Records drawn from a dataset
+++++

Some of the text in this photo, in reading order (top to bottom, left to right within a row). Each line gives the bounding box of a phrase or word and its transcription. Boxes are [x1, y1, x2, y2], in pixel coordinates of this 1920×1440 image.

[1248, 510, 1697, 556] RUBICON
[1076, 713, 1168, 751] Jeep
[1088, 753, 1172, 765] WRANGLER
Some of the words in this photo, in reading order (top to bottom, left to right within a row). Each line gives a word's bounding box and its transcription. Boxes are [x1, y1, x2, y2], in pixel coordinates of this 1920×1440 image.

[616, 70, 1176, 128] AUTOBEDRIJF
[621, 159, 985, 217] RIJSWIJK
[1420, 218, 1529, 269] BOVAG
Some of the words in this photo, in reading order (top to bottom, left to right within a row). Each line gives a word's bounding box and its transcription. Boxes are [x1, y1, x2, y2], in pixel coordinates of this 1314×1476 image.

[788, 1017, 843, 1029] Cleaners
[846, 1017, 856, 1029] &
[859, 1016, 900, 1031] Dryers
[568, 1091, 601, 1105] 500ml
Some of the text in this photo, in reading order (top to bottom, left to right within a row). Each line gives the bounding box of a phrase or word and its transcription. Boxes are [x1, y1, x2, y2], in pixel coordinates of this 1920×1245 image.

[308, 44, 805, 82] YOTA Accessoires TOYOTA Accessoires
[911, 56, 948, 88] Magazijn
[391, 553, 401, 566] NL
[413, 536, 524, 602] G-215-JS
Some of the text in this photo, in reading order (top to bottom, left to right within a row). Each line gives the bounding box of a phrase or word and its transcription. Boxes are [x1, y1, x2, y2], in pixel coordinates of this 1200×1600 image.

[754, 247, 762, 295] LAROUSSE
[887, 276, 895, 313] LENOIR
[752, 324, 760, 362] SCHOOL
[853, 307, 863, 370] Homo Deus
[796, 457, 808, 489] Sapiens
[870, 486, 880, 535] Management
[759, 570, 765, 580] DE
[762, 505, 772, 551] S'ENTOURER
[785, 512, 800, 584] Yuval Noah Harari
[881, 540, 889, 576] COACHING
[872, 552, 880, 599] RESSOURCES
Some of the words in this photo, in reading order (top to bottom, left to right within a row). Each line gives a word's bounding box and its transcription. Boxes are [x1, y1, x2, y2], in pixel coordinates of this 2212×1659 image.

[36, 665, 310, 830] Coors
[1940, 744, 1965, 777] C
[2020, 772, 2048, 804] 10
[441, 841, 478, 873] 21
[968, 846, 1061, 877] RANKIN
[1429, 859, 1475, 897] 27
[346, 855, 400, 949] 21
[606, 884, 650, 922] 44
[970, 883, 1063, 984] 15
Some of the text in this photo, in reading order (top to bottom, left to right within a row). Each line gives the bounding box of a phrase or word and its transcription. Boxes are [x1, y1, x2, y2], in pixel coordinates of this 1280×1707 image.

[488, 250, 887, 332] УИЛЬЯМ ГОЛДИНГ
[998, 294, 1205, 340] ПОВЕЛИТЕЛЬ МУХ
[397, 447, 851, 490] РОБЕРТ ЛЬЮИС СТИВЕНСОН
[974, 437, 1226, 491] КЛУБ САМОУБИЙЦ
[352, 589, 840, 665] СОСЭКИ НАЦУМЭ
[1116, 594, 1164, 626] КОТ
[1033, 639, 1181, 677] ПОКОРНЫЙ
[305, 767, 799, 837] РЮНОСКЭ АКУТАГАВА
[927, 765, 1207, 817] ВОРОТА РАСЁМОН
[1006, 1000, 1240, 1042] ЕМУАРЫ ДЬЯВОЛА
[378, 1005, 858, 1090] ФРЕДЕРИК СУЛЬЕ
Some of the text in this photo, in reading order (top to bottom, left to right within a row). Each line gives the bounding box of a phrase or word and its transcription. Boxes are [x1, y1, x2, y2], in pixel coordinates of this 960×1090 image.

+++++

Would you output the lines from the one that contains "this 2212×1659 image." to the end of the data, both ends included, exactly as they appear?

Some of the words in this photo, in reading order (top to bottom, left to right within a row). Each line gives a word's bounding box and its transcription. Boxes are [x1, y1, x2, y2], in pixel coordinates of this 2212×1659 image.

[36, 665, 310, 830] Coors
[1940, 744, 1965, 777] C
[2020, 772, 2048, 804] 10
[441, 841, 478, 873] 21
[968, 846, 1061, 877] RANKIN
[1429, 859, 1475, 897] 27
[346, 855, 400, 949] 21
[606, 884, 650, 922] 44
[970, 883, 1063, 984] 15
Some of the text in this photo, in reading order (top to bottom, left to right within a row). Each line gives the bounding box of a phrase or word and its transcription. Boxes are [x1, y1, x2, y2], in pixel coordinates of this 1280×1707 image.

[488, 250, 887, 332] УИЛЬЯМ ГОЛДИНГ
[998, 294, 1205, 340] ПОВЕЛИТЕЛЬ МУХ
[397, 447, 851, 490] РОБЕРТ ЛЬЮИС СТИВЕНСОН
[974, 437, 1226, 491] КЛУБ САМОУБИЙЦ
[352, 589, 840, 665] СОСЭКИ НАЦУМЭ
[1116, 594, 1164, 626] КОТ
[1033, 639, 1181, 677] ПОКОРНЫЙ
[305, 767, 799, 837] РЮНОСКЭ АКУТАГАВА
[927, 765, 1207, 817] ВОРОТА РАСЁМОН
[1006, 1000, 1240, 1042] ЕМУАРЫ ДЬЯВОЛА
[378, 1005, 858, 1090] ФРЕДЕРИК СУЛЬЕ
Some of the text in this photo, in reading order (top to bottom, left to right within a row). Each line gives the bounding box of a phrase or word and its transcription. Boxes are [x1, y1, x2, y2], in pixel coordinates of this 960×1090 image.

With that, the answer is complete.